Она ненавидела идеалы добра и света. При том, что вся жизнь ее родителей была насыщена именно этим. Идеалами добра и света. Благородством, рыцарством.
Пара типичных московских интеллигентов. Роман и Лариса. Оба из семей потомственных интеллигентов. Оба с высшим образованием. Отец работал в каком-то НИИ, Настя никогда не интересовалась даже, в каком именно. Мать — научный работник в каком-то музее.
Квартира, заполненная книгами и записями бардовских песен. Непременные выезды на Грушинские фестивали, куда с раннего детства брали с собой и единственную любимую дочурку.
Интеллигентские разговоры на кухне. Высоцкий, Жванецкий, Булгаков, Айтматов, Шукшин, Тарковский, Солженицын (об этом — шёпотом)… Да разве всех перечислишь!.. Множество выписываемых толстых литературных журналов. Непременные байдарки летом. Песни у костра. И все с дочкой, все для дочки.
Которая ненавидела все это с самого раннего детства. С того самого момента, как поняла, рано поняла, что за доброту и благородство награждаются только сказочные герои.
Она ненавидела этот убогий быт на две зарплаты по сто двадцать рублей (потом зарплаты росли в соответствии с инфляцией, но быт оставался таким же убогим).
Она ненавидела родительских друзей — бородатых интеллигентов с непременными гитарами и бредовой геолого-таежной романтикой, с идиотским «ветром дальних странствий» и прочей белибердой.
То есть Настю вполне можно было бы назвать культурным человеком. Если бы не одно обстоятельство: в культурном человеке есть и другие составляющие, а не только багаж знаний. Наверное, это можно определить как духовность, что ли…
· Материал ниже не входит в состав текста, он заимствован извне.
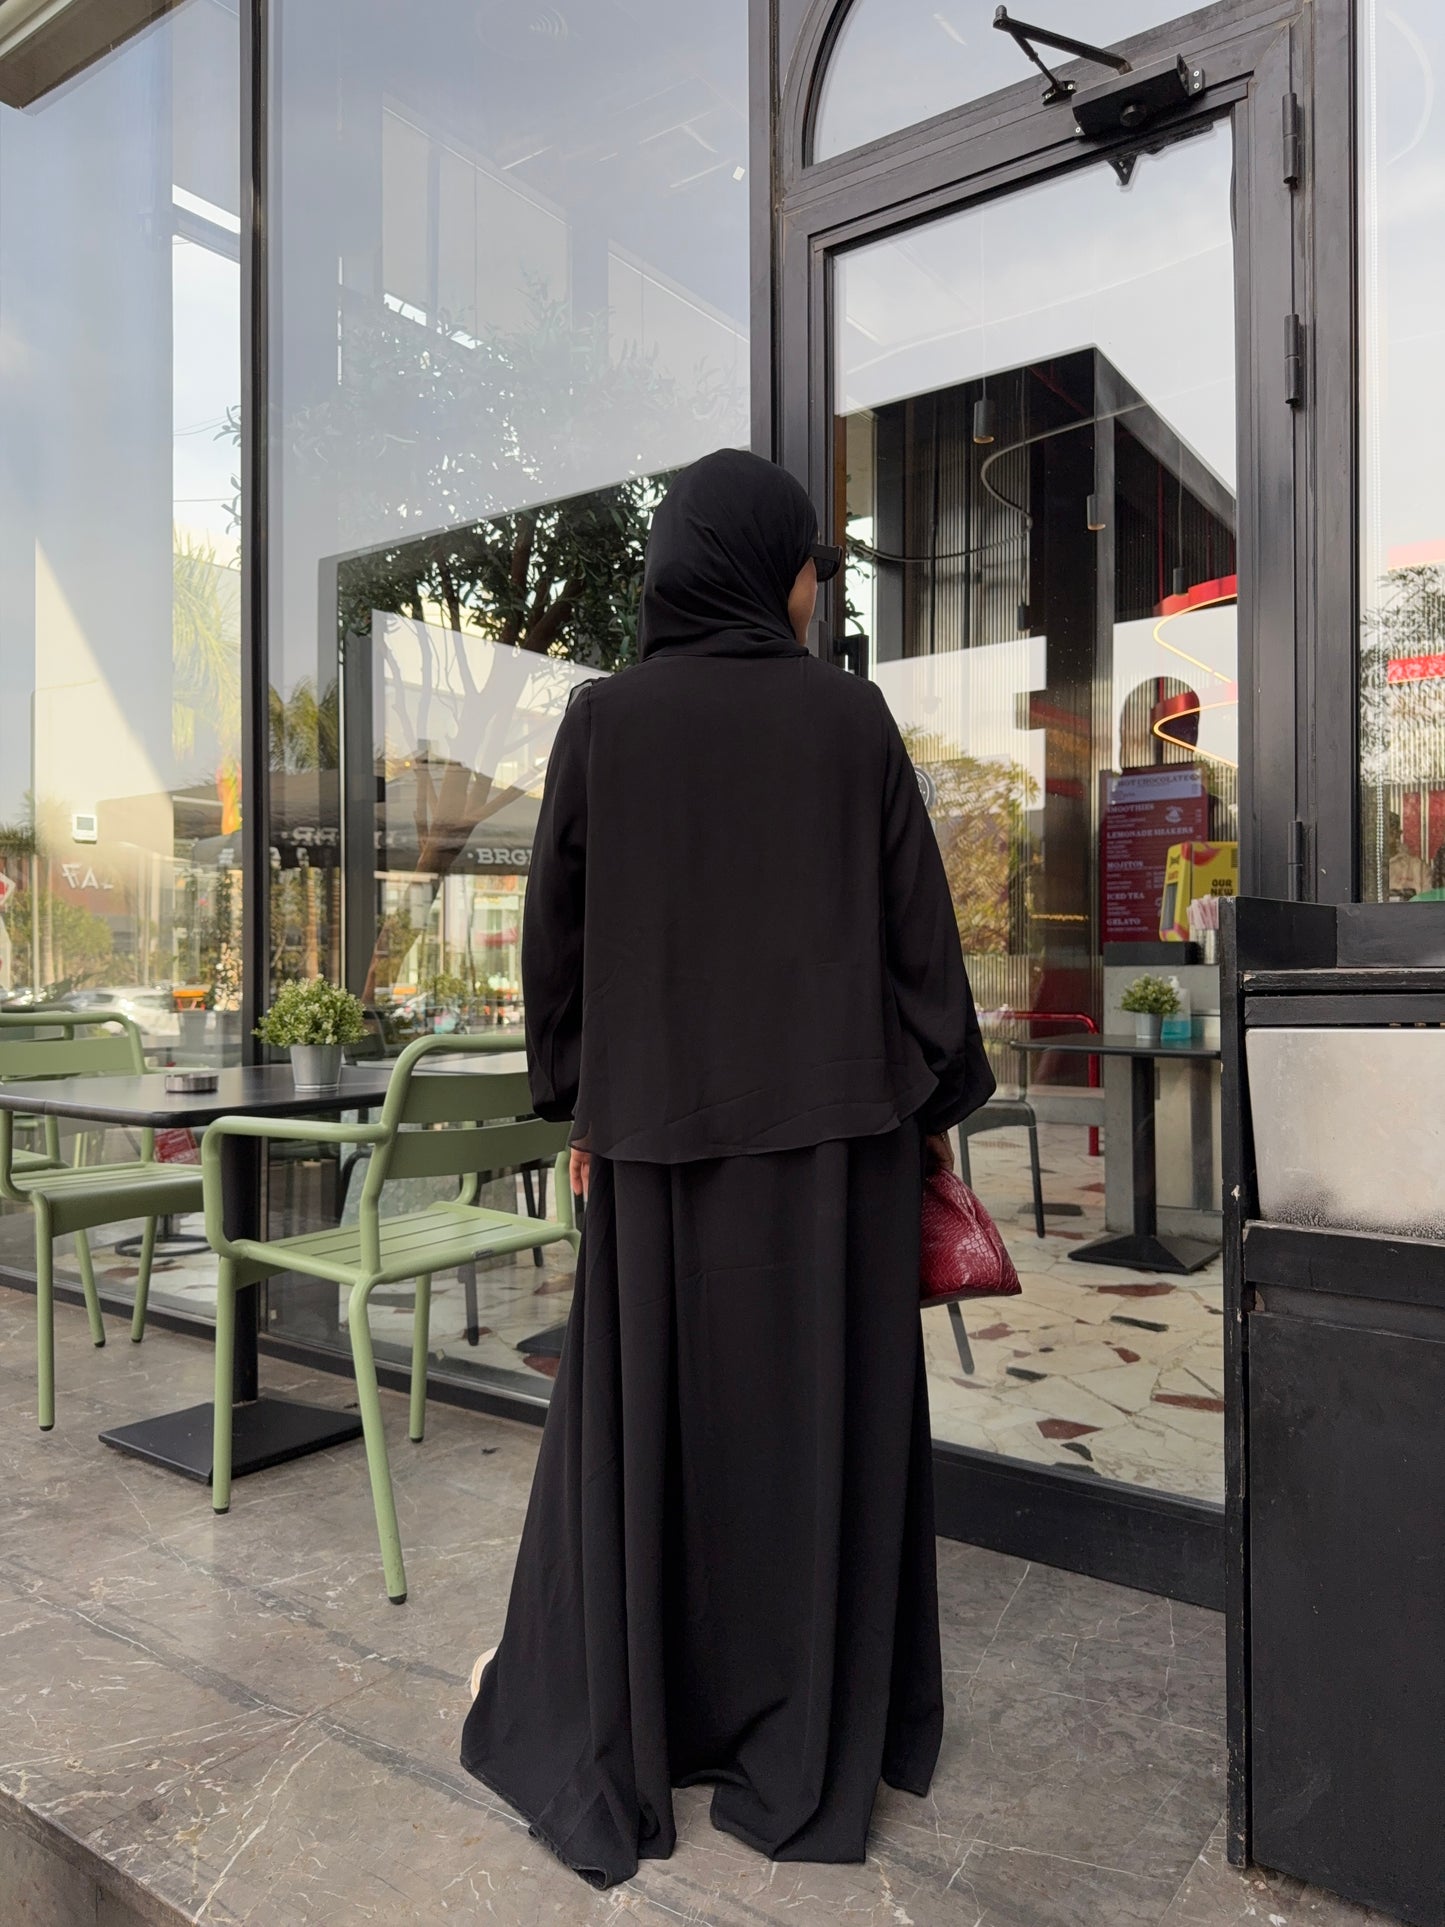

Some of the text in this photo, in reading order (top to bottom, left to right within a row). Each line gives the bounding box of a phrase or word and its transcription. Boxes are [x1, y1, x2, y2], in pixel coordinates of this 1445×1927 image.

Она ненавидела деток богатых родителей — своих одноклассников. За их богатство. Она ненавидела бедных. За нищету. Она ненавидела знаменитых артистов и особенно их детей. Она ненавидела бездарных певцов и певичек, наводнивших теле- и радиопрограммы. Бездарных — по ее мнению, но часто оно было достаточно объективным, отвечающим, скажем так, действительности.
Она любила себя.
Почему? Откуда эти чувства в девочке из благополучной, в хорошем смысле слова, семьи?
Да кто его знает?!
Яблоко иной раз падает так далеко от яблоньки…
Вся жизнь девочки была сосредоточена в ней самой. Она, только она, была центром своего мира. И она, именно она, считала себя достойной той светской жизни, которую вели люди из шоу-бизнеса — актеры, певцы, продюсеры и иже с ними.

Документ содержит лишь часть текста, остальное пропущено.